While retaining the original instantiation method of JacksonMongoSessionConverter, it should also support the ability to pass in a custom ObjectMapper, with the framework providing basic custom configurations. This approach reduces the cost for users when using a custom ObjectMapper and prevents issues related to document duplication.

While retaining the original constructor, add a new constructor with an additional copyToUse parameter. If copyToUse is set to true, a copy of the ObjectMapper will be created using its copy method, followed by basic configuration. If the user-provided ObjectMapper has already registered some modules, users can adjust the parameters to ensure that module duplication issues are avoided.
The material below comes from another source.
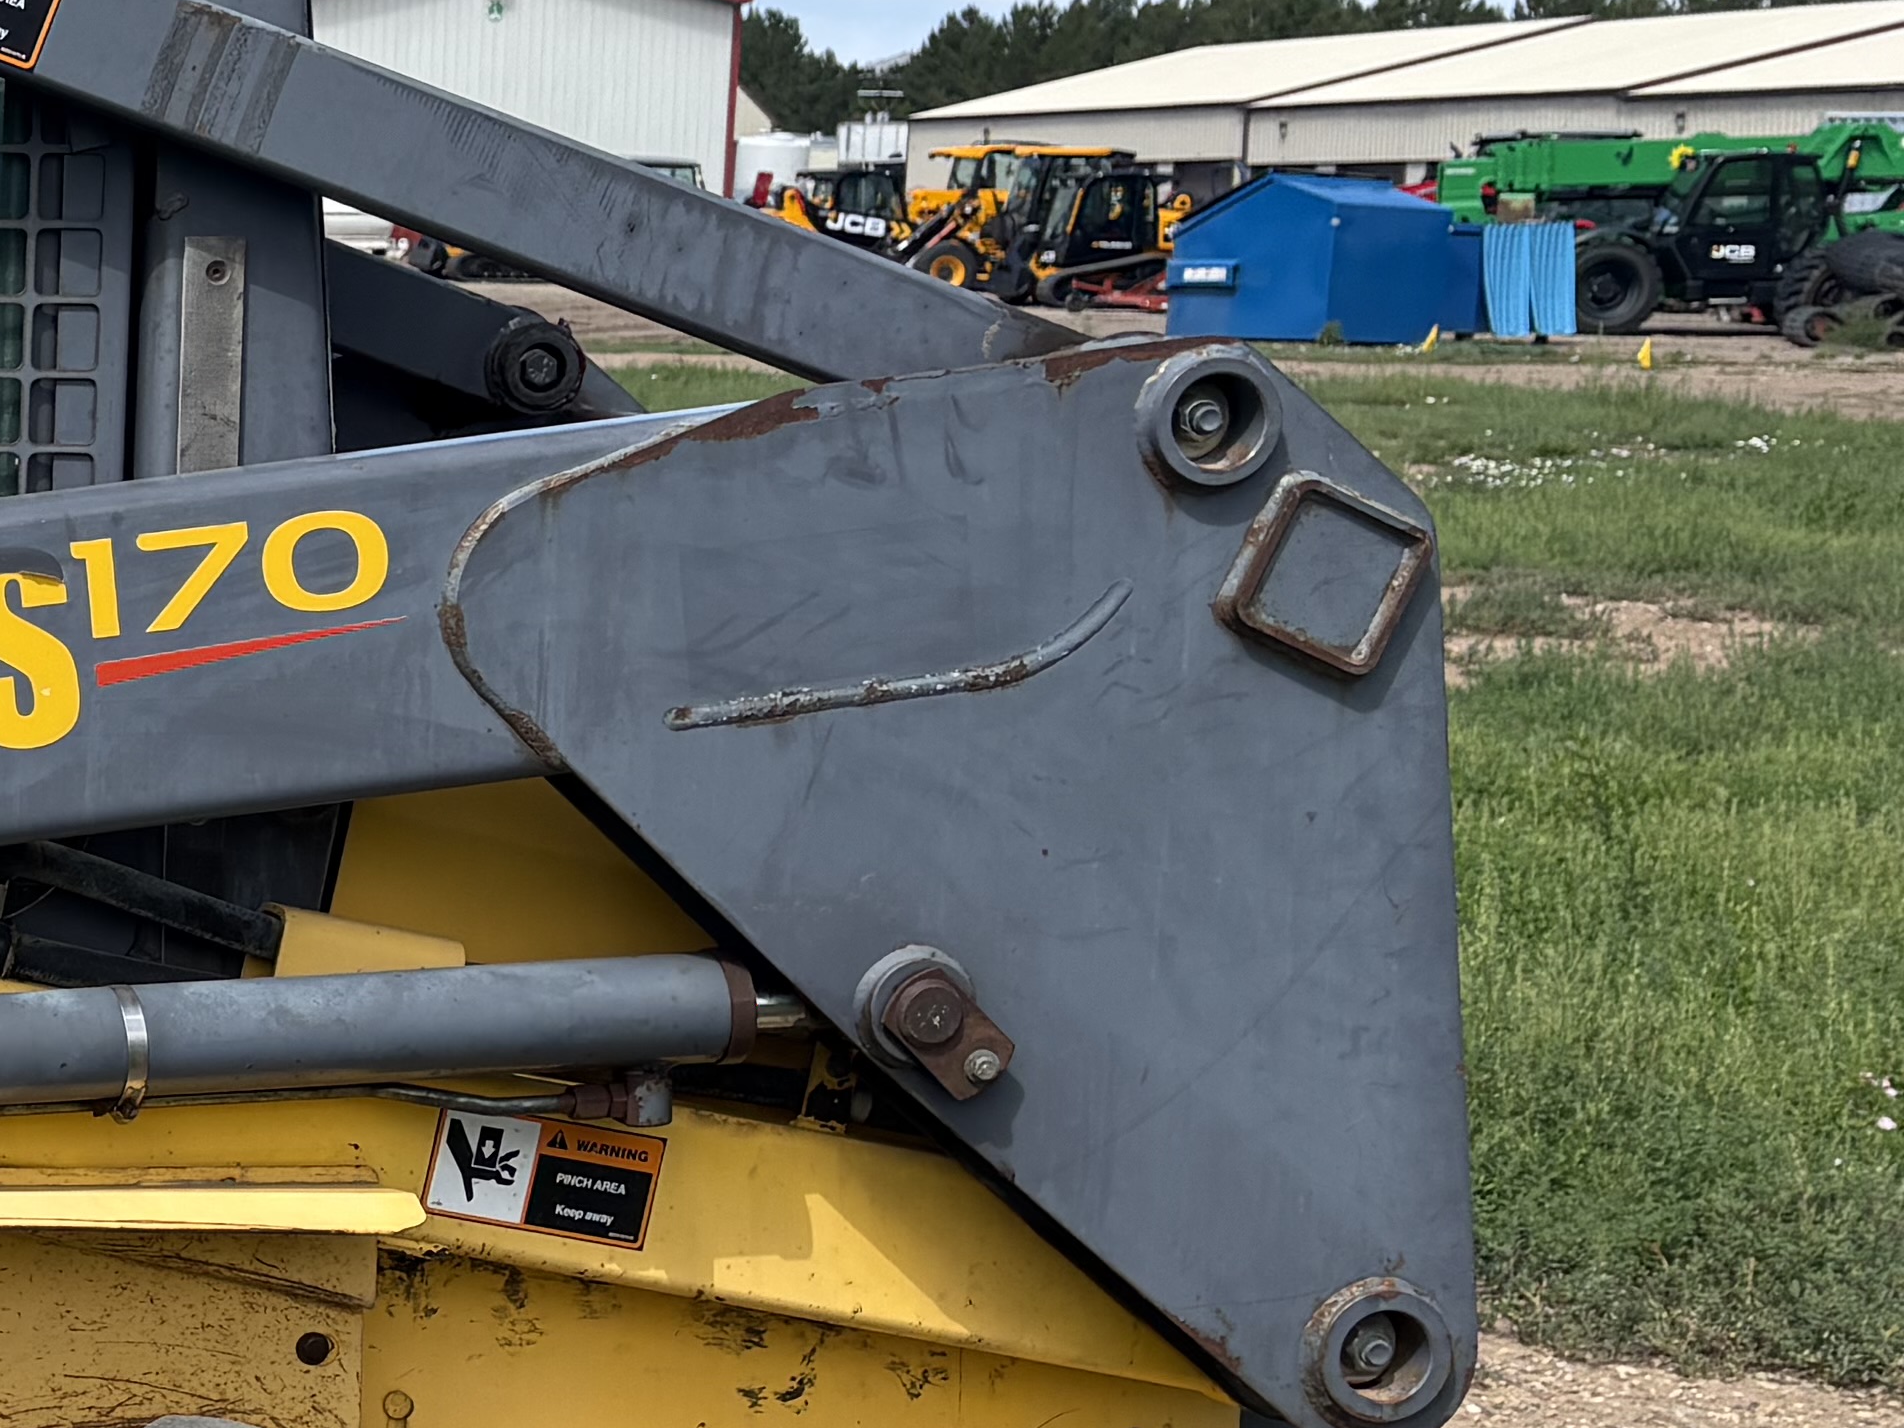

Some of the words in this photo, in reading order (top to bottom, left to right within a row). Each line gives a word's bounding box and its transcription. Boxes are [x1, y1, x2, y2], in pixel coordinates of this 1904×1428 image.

1. If response.write is actively called in loginSuccessHandler, since the native servlet response is wrapped, calling the getWriter method on the wrapped response will return an instance of OnCommittedResponseWrapper.SaveContextPrintWriter. Before this instance calls the flush method, it will invoke the onResponseCommitted method, which will internally perform the first save of the MongoSession.
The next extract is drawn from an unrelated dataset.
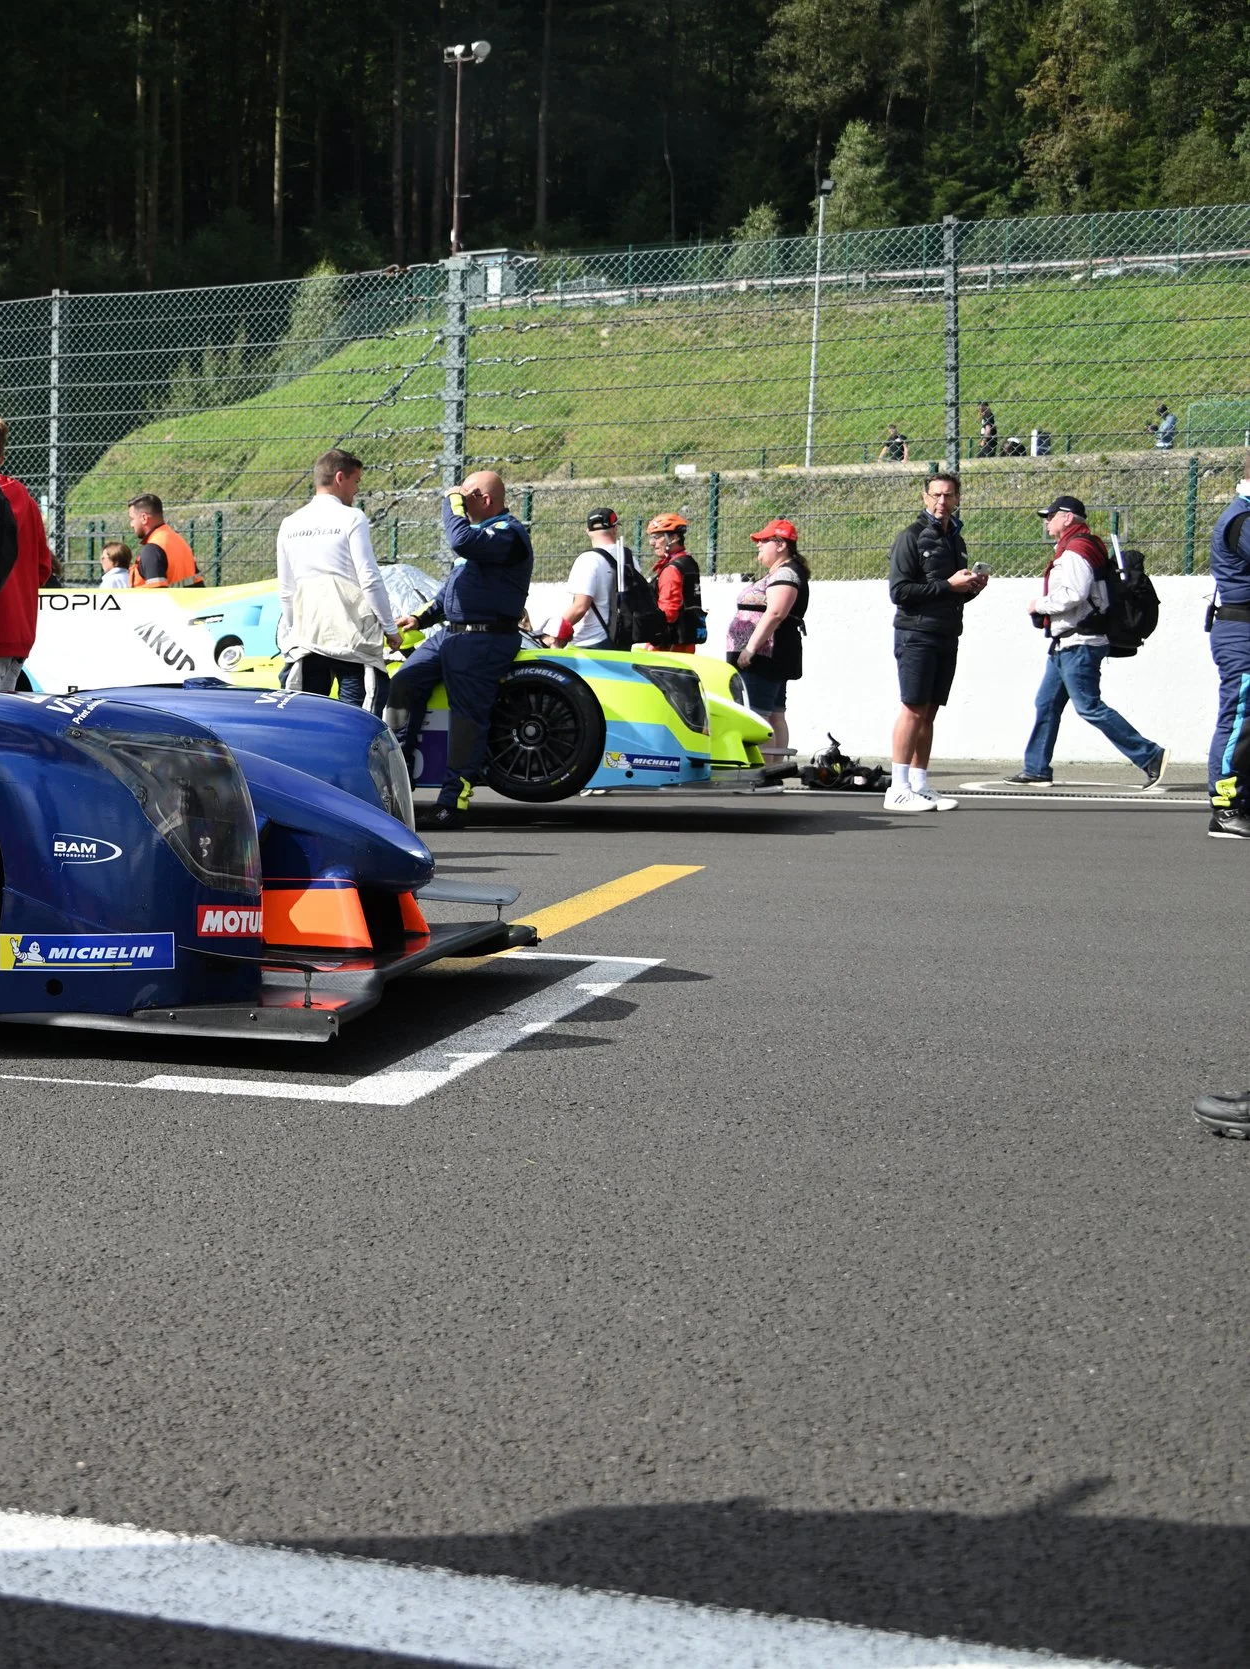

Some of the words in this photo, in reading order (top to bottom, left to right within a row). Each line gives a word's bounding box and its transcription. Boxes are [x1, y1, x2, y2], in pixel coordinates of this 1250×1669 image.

2. After the logic in point 1 is completed, the process will continue to the finally block of the SessionRepositoryFilter#doFilterInternal method (where the following code is executed in the finally block: wrappedRequest.commitSession()), and this method will perform the second save of the session.

If the _id property of the Document is the same, the second call to Mongo's save will perform an update operation. When using JdkMongoSessionConverter, there will be no issue of saving the session twice because this converter actively sets the _id. However, in JacksonMongoSessionConverter, if a custom ObjectMapper is provided but the ObjectMapper's PropertyNamingStrategy is not configured and Visibility is not set, it can lead to incorrect data being stored in the database.
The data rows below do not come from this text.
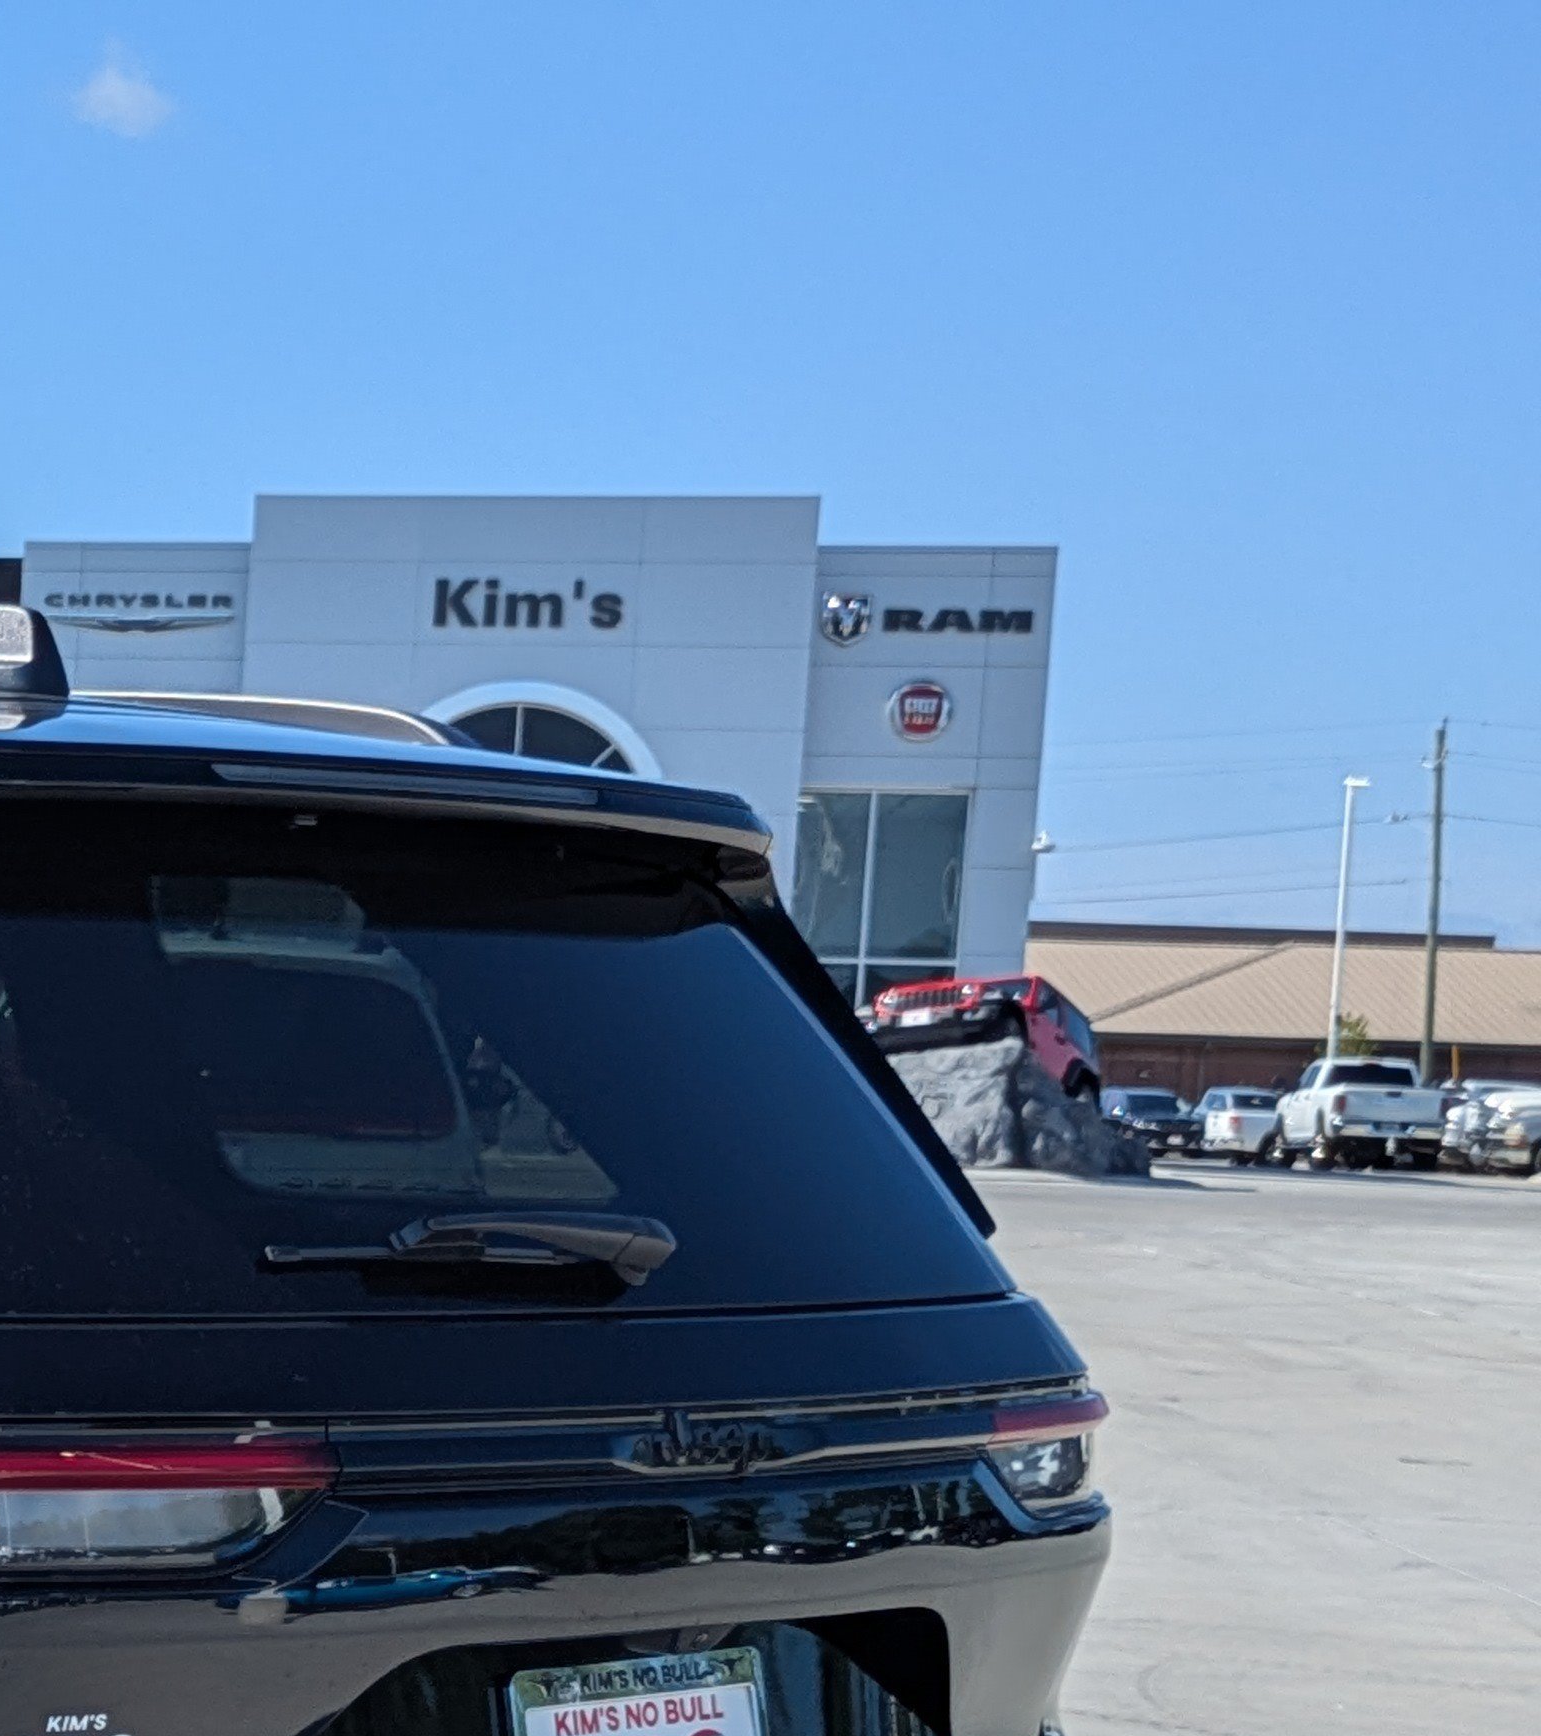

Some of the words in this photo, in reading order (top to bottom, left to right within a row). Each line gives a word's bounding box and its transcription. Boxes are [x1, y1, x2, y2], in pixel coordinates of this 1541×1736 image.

[44, 593, 233, 608] CHRYSLER
[432, 577, 624, 629] Kim's
[882, 609, 1033, 632] RAM
[46, 1714, 108, 1732] KIM'S
[625, 1701, 658, 1729] NO
[664, 1694, 724, 1725] BULL
This might confuse those unfamiliar with the Spring Security framework, as they may wonder why there are two records in Mongo.

[xiaoquanidea]

The MongoSession class in the AbstractMongoSessionConverter abstract method did not have the public modifier, which prevented users from extending and implementing it in their own projects. Therefore, I added the public modifier to the MongoSession class.

[marcusdacoregio]

Hi @xiaoquanidea, thanks for the report.

However, I don't think it should be addressed like you did in #3187. You can always copy the ObjectMapper before passing it to the converter. In addition to that, it is also not possible to not apply the default ObjectMapper configuration.

I think the best approach would be to make the configureObjectMapper method public static and then users could invoke it before passing the ObjectMapper to the converter. What do you think?

[xiaoquanidea]

Hi @xiaoquanidea, thanks for the report.

However, I don't think it should be addressed like you did in #3187. You can always copy the ObjectMapper before passing it to the converter. In addition to that, it is also not possible to not apply the default ObjectMapper configuration.

I think the best approach would be to make the configureObjectMapper method public static and then users could invoke it before passing the ObjectMapper to the converter. What do you think?

Your approach sounds better; I'll make some adjustments.

[xiaoquanidea]

Hi @xiaoquanidea, thanks for the report.

However, I don't think it should be addressed like you did in #3187. You can always copy the ObjectMapper before passing it to the converter. In addition to that, it is also not possible to not apply the default ObjectMapper configuration.

I think the best approach would be to make the configureObjectMapper method public static and then users could invoke it before passing the ObjectMapper to the converter. What do you think?

Hello, I’ve adjusted the code according to the new approach. Please take a look when you have time.